“When her family is forced into an internment camp, Mitsi Kashino is separated from her home, her classmates, and her beloved dog Dash; and as her family begins to come apart around her, Mitsi clings to her one connection to the outer world–the letters from the kindly neighbor who is caring for Dash.”
This is a terrible chapter in American history but more important than ever that we examine it truthfully. This book does a good job of presenting a hard time for our country in a realistic context while still being age appropriate.
At first Mitsi notices how her friends at school react differently to her after the bombing of Pearl Harbor. Then, as she realizes the enormity of the situation her family faces, she worries what will happen to her beloved pet. A older (white) neighbor she’s been helpful to offers to take the dog in during the duration of the internment.

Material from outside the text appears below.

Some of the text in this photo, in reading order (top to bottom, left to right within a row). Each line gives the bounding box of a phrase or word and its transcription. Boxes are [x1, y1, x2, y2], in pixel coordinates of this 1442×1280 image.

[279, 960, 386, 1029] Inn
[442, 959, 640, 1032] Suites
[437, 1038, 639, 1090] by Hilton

Mitsi is so fired up she actually writes to General DeWitt and while he refuses her request to allow pets, some time later during this extended internment of American citizens of Japanese descent, he relents and begins allowing pets into the camps.
Once in the camps (the stay at more than one during the course of the novel) she becomes just as concerned with what she sees as the disintegration of her family. Her older brother begins running with some questionable characters and she misses their family meals.
She makes new friends and there are many eye-opening details about life in this situation. It’s followed up by a fascinating author’s note about how this all came together and her sources of inspiration.
Read as part of our district’s Reader’s Rally quiz bowl challenge.